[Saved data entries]
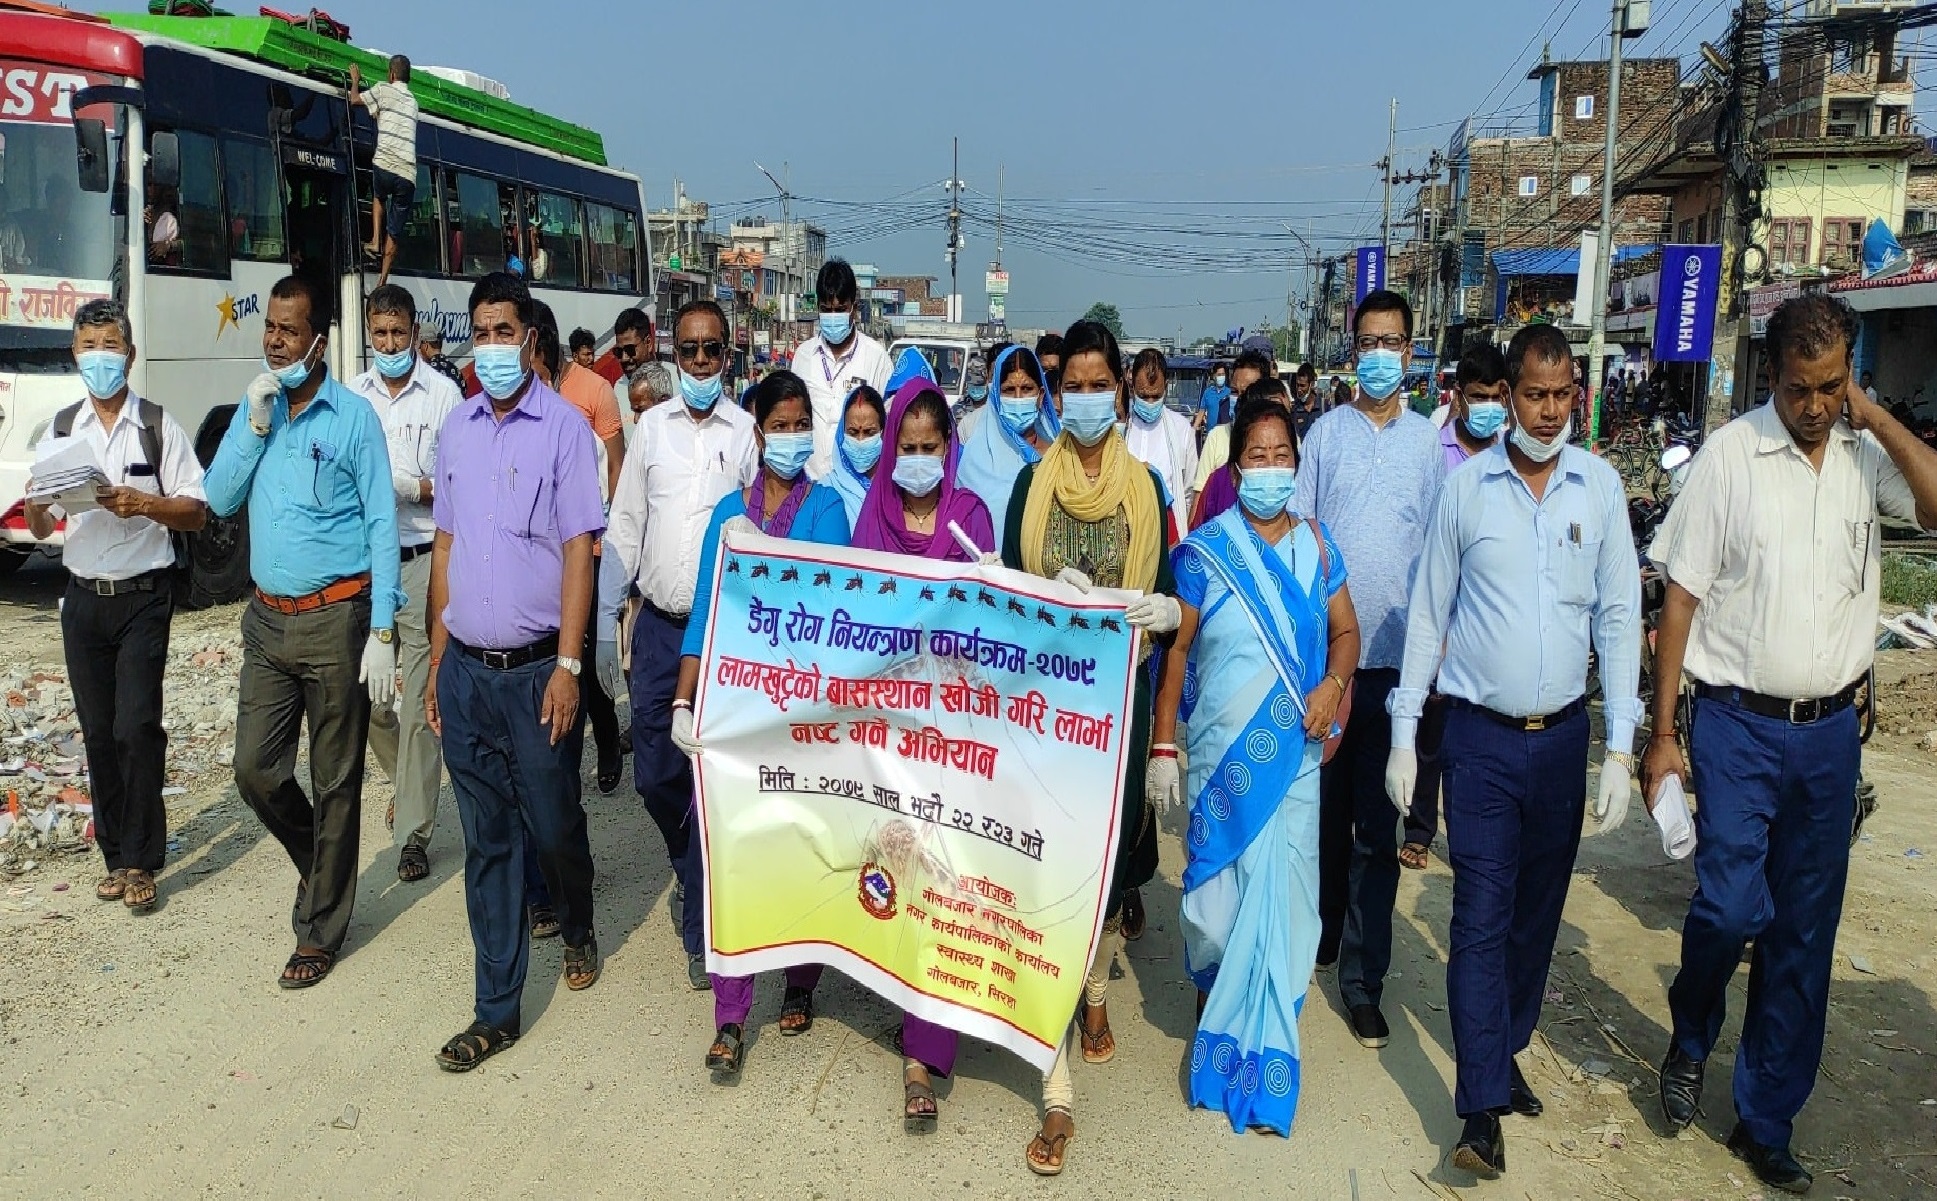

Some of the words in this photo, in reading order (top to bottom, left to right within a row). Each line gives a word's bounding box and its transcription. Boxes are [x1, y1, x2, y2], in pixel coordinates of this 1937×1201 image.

[0, 68, 89, 119] ST
[231, 292, 261, 321] STAR
[1677, 277, 1700, 353] YAMAHA
[785, 602, 825, 644] रोग
[827, 608, 923, 657] नियन्त्रण
[717, 655, 821, 712] लामखुट्टेको
[826, 676, 933, 710] बासस्थान
[940, 676, 1000, 719] खोजी
[1007, 690, 1048, 734] गरि
[1055, 709, 1114, 752] लार्भा
[789, 721, 839, 745] नष्ट
[896, 725, 999, 781] अभियान
[758, 764, 796, 791] मिति
[819, 776, 865, 799] २०७९
[873, 784, 900, 811] साल
[952, 808, 973, 831] २२
[1021, 829, 1045, 861] गते
[906, 903, 928, 924] नगर
[931, 917, 1013, 955] कार्यपालिकाको
[1015, 948, 1061, 980] कार्यालय
[981, 908, 1044, 945] नगरपालिका
[936, 943, 985, 970] स्वास्थ्य
[991, 961, 1017, 984] शाखा

WORK INSTRUCTIONS —
Drop the pictures and give every line above again exactly.

OUTPUT BELOW —
Some of the words in this photo, in reading order (top to bottom, left to right within a row). Each line gives a word's bounding box and its transcription. Boxes are [x1, y1, x2, y2], in pixel coordinates of this 1937×1201 image.

[0, 68, 89, 119] ST
[231, 292, 261, 321] STAR
[1677, 277, 1700, 353] YAMAHA
[785, 602, 825, 644] रोग
[827, 608, 923, 657] नियन्त्रण
[717, 655, 821, 712] लामखुट्टेको
[826, 676, 933, 710] बासस्थान
[940, 676, 1000, 719] खोजी
[1007, 690, 1048, 734] गरि
[1055, 709, 1114, 752] लार्भा
[789, 721, 839, 745] नष्ट
[896, 725, 999, 781] अभियान
[758, 764, 796, 791] मिति
[819, 776, 865, 799] २०७९
[873, 784, 900, 811] साल
[952, 808, 973, 831] २२
[1021, 829, 1045, 861] गते
[906, 903, 928, 924] नगर
[931, 917, 1013, 955] कार्यपालिकाको
[1015, 948, 1061, 980] कार्यालय
[981, 908, 1044, 945] नगरपालिका
[936, 943, 985, 970] स्वास्थ्य
[991, 961, 1017, 984] शाखा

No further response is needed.